Thomas S. Bustard, Joseph Silverman
Nuclear Science and Engineering | Volume 28 | Number 1 | April 1967 | Pages 55-61
Technical Paper | doi.org/10.13182/NSE67-A18667
Articles are hosted by Taylor and Francis Online.
An analysis is performed which indicates that beta particle backscattering measurements are highly sensitive to source-scatterer separation distances. It is shown that the primary betas emitted by the source strike the scatterer according to a Cauchy statistical distribution. Then, making the assumption that the primary betas are adsorbed on the scatterer and isotropically reemitted, an effective counting geometry can be obtained.
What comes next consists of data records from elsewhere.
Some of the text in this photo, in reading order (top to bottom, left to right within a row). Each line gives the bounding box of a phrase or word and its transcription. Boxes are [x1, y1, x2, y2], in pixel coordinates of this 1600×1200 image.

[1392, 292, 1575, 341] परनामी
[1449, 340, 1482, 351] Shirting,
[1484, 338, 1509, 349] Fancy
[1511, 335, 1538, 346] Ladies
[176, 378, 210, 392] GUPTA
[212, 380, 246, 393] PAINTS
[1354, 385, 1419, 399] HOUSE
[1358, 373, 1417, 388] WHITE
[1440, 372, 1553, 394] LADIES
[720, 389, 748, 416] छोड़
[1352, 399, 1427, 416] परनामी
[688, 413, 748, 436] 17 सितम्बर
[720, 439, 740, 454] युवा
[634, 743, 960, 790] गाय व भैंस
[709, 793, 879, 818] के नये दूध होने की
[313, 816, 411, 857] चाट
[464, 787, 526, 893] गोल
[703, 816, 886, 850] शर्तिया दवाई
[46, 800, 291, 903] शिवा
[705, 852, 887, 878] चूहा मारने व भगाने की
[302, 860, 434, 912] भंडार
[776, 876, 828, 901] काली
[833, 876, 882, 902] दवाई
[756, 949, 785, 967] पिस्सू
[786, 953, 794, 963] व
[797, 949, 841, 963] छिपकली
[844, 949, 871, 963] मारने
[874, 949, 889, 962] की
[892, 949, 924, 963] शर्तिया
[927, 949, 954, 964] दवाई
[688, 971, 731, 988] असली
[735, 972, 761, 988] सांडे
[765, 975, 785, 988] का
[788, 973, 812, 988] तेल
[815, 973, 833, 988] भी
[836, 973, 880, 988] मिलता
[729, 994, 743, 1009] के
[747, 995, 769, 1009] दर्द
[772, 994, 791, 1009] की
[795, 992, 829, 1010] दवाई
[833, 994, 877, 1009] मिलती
A comparison of this effective geometry with the source geometry will then give an indication of the expected backscatter signal sensitivity. It is shown that a 50-mil separation distance can result in a backscatter measurement error of 25%. Zumwalt's empirical relationship for saturation backscattering is used to analytically predict the expected normalized (source signal equal to one) signal as a function of source-scatterer separation distance and scatterer atomic number. Finally, aluminum, nickel, niobium, palladium, and tantalum scatterers are employed using thallium-204 (204Tl) and phosphorus-32 (32P) beta sources in conjunction with a thin-window halogen-quenched G-M tube to compare experimental and analytical results. This experiment shows that Zumwalt's equation provides an excellent fit to the experimental results in all instances except when employing the low atomic number scatterer, aluminum.